The backdrop here is real. OpenAI kicked off the consumer AI era and had ChatGPT as the default answer to “which AI do I use.” That default is eroding. Google folded strong models into products that billions of people already open every day, and Anthropic built a serious reputation with developers and safety-minded enterprises. The gap between “the AI everyone knows” and “the AI that’s actually best for this task” has widened, and OpenAI no longer wins every comparison.
When you’re the incumbent and your product lead thins out, you have a few levers. You can ship better products faster. You can lock in distribution. Or you can shape the rules of the environment so your strengths matter more and your weaknesses matter less. A global governance body led by the US, where OpenAI is arguably the most prominent American lab, is a lever of that third kind. I’m not saying it’s the only reason for the op-ed. I’m saying it would be strange if it weren’t part of the calculation.
Would an American-led AI body even work?
The practical problem is that the rest of the world may not want an American-led anything right now. The framing of US leadership on AI governance is going to read very differently in Beijing, Brussels, and Delhi than it does in San Francisco. The EU already has its own AI Act and a strong instinct to regulate on its own terms. China isn’t going to accept a US-chaired referee for a technology it treats as strategic. So the actual coalition for a US-led body might end up being the US and its closest allies, which is less a United Nations of AI and more a members’ club.
That doesn’t make it useless. A coordinated safety-testing standard among a few major labs and governments could genuinely reduce risk, even if it’s not universal. But we should be clear-eyed that “American-led global governance” and “actual global governance” are different products, and the op-ed is selling the first while wearing the language of the second.
What should you actually take from this?
If you use these tools, nothing changes tomorrow. This is a signal about where the industry is heading, not a policy that ships next week. But the beat I’d hold onto is this: watch what the leading labs push for when their product lead shrinks. Founders reach for regulation as a competitive tool exactly when raw product competition stops going their way, and Altman calling for global governance while OpenAI slips is a textbook example of that instinct in motion.
So read the op-ed as sincere and strategic at the same time. Care about AI safety, because the underlying risk is real. And stay skeptical of any safety framework whose loudest champion happens to benefit most from the rules it proposes. That skepticism isn’t cynicism. It’s just paying attention.
FAQ
What did Sam Altman actually call for? An American-led international body to coordinate AI safety testing and governance standards across countries, which he compared to the IAEA that oversees nuclear technology.
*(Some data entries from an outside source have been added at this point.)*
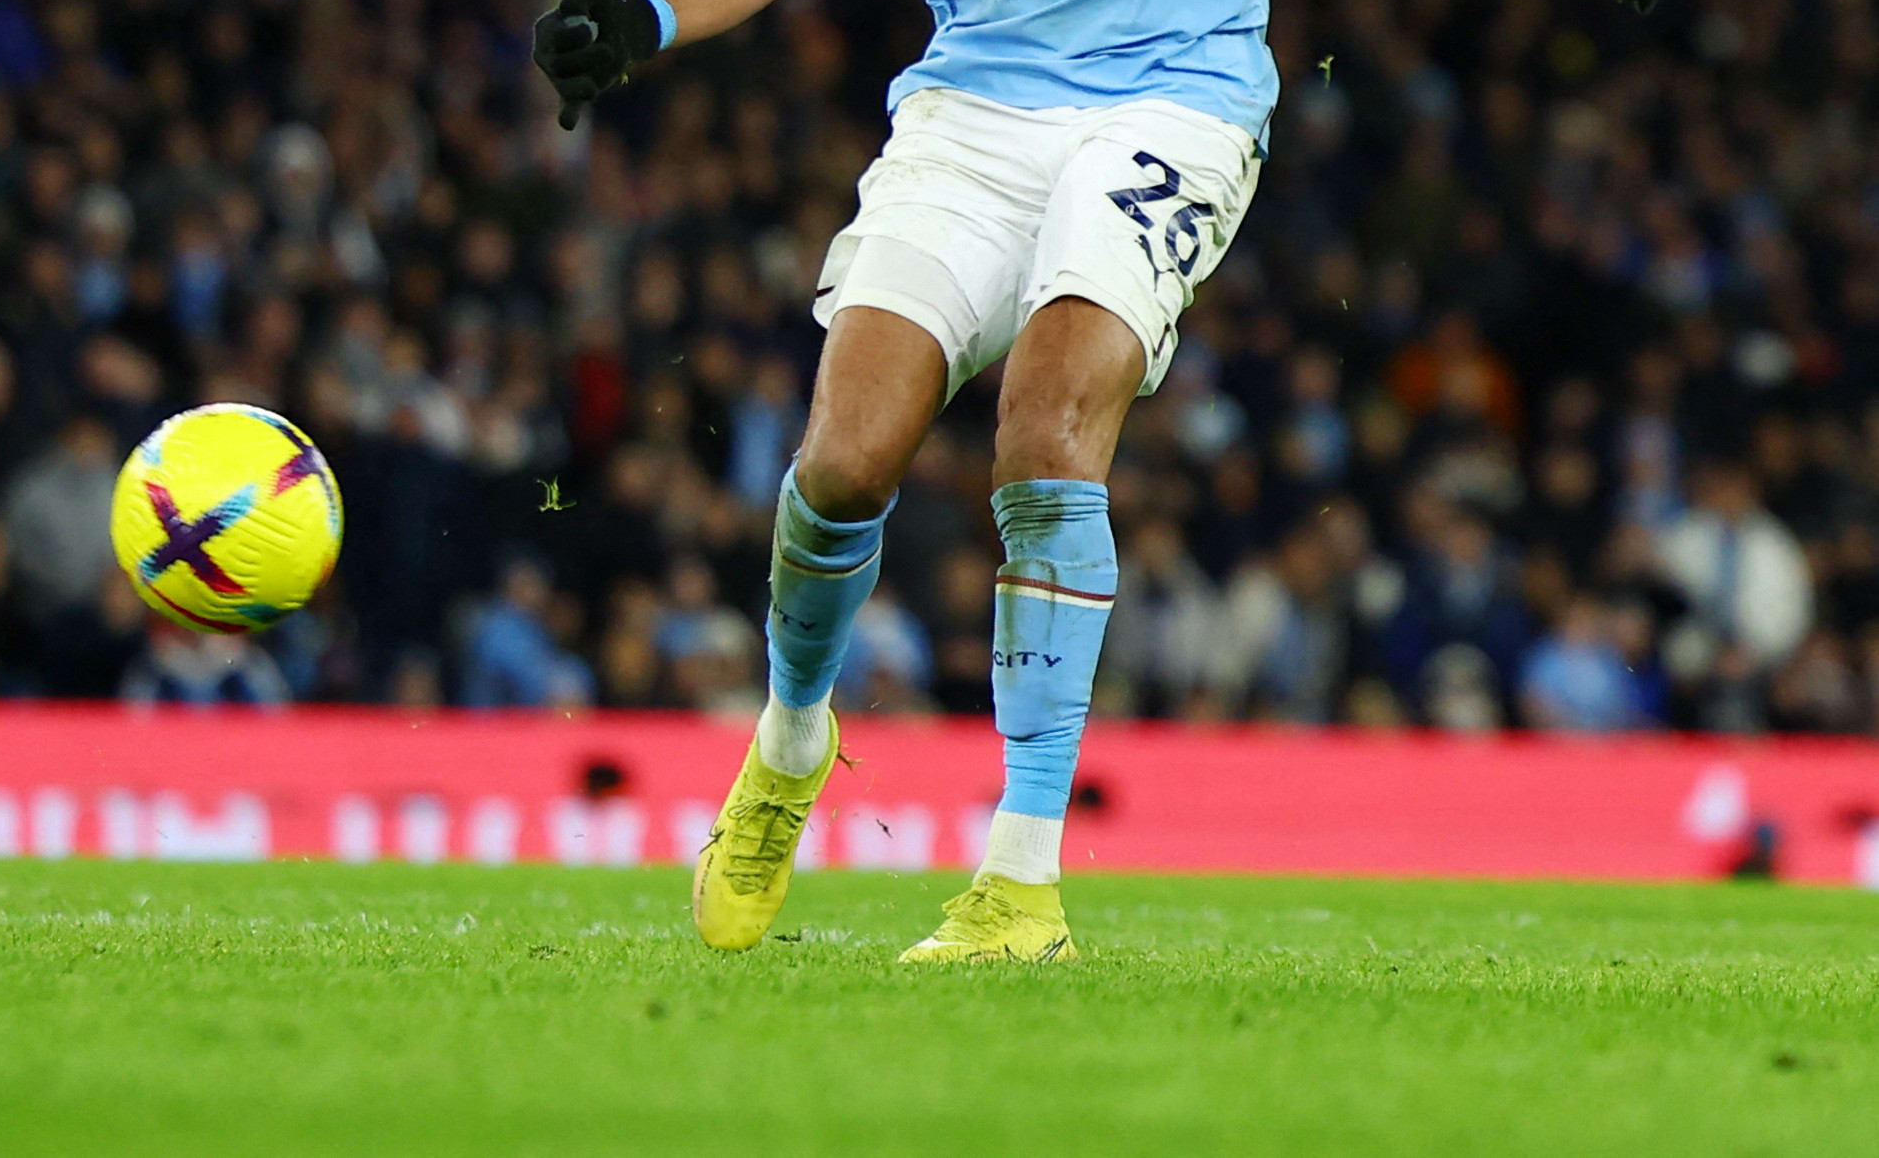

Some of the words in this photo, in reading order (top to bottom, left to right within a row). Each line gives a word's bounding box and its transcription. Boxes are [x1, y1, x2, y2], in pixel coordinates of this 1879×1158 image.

[1106, 150, 1214, 277] 26
[773, 603, 819, 631] ITY
[994, 650, 1062, 668] CITY
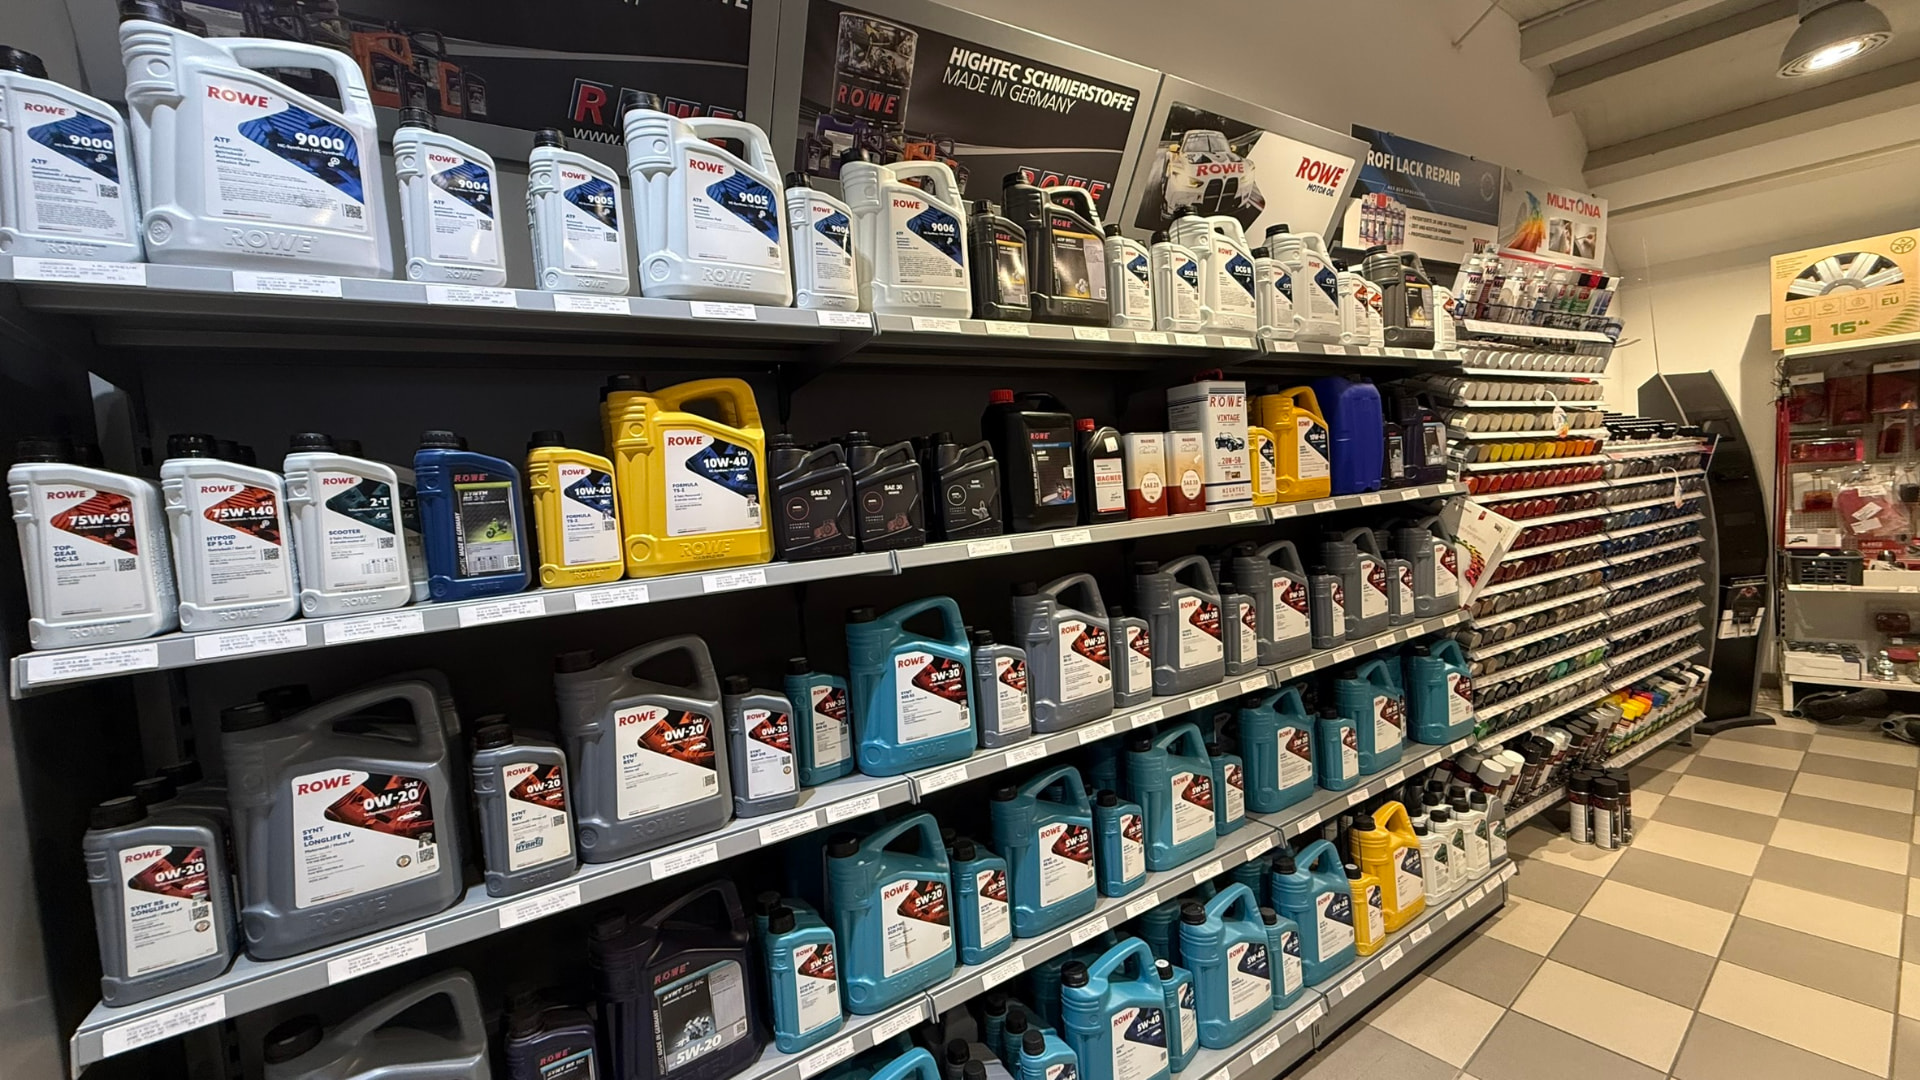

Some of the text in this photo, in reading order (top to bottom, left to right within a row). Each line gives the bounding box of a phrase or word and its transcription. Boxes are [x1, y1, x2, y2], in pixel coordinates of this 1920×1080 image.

[949, 47, 1136, 113] HIGHTEC SCHMIERSTOFFE
[943, 66, 1077, 115] MADE IN GERMANY
[207, 86, 269, 109] ROWE
[838, 84, 897, 115] ROWE
[24, 102, 66, 116] ROWE
[69, 134, 114, 149] 9000
[213, 136, 231, 144] ATF
[294, 132, 345, 151] 9000
[429, 154, 458, 164] ROWE
[689, 159, 724, 175] ROWE
[1196, 163, 1245, 177] ROWE
[1296, 157, 1346, 189] ROWE
[1367, 150, 1461, 188] ROFI LACK REPAIR
[562, 171, 587, 181] ROWE
[458, 179, 488, 191] 9004
[588, 194, 614, 205] 9005
[739, 192, 768, 205] 9005
[893, 199, 921, 210] ROWE
[813, 206, 831, 214] ROWE
[931, 223, 955, 233] 9006
[1881, 296, 1899, 306] EU
[1794, 328, 1802, 336] 4
[1210, 395, 1242, 408] ROWE
[1217, 413, 1240, 422] VINTAGE
[667, 436, 703, 446] ROWE
[1030, 432, 1049, 440] ROWE
[703, 456, 748, 469] 10W-40
[454, 473, 487, 483] ROWE
[561, 468, 586, 477] ROWE
[322, 477, 355, 485] ROWE
[47, 490, 86, 500] ROWE
[201, 485, 235, 494] ROWE
[574, 486, 612, 496] 10W-40
[370, 496, 390, 507] 2-T
[68, 512, 130, 526] 75W-90
[212, 506, 274, 519] 75W-140
[328, 528, 361, 536] SCOOTER
[1180, 600, 1198, 609] ROWE
[1061, 624, 1081, 635] ROWE
[898, 656, 925, 668] ROWE
[931, 668, 960, 682] 5W-30
[813, 688, 829, 696] ROWE
[619, 711, 656, 727] ROWE
[746, 712, 766, 720] ROWE
[664, 725, 704, 742] 0W-20
[761, 725, 788, 736] 0W-20
[507, 766, 531, 777] ROWE
[298, 774, 352, 796] ROWE
[404, 780, 418, 789] SAE
[527, 779, 561, 794] 0W-20
[363, 788, 419, 811] 0W-20
[302, 826, 324, 835] SYNT
[1041, 826, 1061, 839] ROWE
[304, 834, 342, 848] LONGLIFE
[1065, 833, 1088, 848] 5W-30
[125, 848, 163, 863] ROWE
[155, 862, 206, 882] 0W-20
[884, 882, 910, 900] ROWE
[915, 888, 943, 907] 5W-20
[131, 901, 153, 911] SYNT
[131, 904, 170, 917] LONGLIFE
[1229, 945, 1245, 959] ROWE
[810, 954, 833, 969] 5W-20
[654, 964, 687, 984] ROWE
[1113, 1010, 1134, 1027] ROWE
[1137, 1015, 1160, 1032] 5W-40
[676, 1034, 722, 1065] 5W-20
[540, 1051, 568, 1066] ROWE
Why is the timing significant? Altman’s Financial Times op-ed came right after a G7 summit where Trump met AI executives, and while OpenAI’s lead over Google and Anthropic has been visibly narrowing.
Does regulation actually help big AI companies? Often yes. Heavy compliance standards are easier for large, well-funded labs to absorb than for startups or open-source projects, so formal rules can function as a moat for incumbents.
Would other countries accept a US-led AI body? Unlikely in full. The EU has its own AI Act, and China treats AI as strategic, so a US-chaired body may end up being a US-and-allies club rather than a true global forum.
Is Altman being cynical? Not necessarily. He can genuinely worry about AI safety and also propose a structure that happens to favor OpenAI. Both can be true, and reading it as only one misses the point.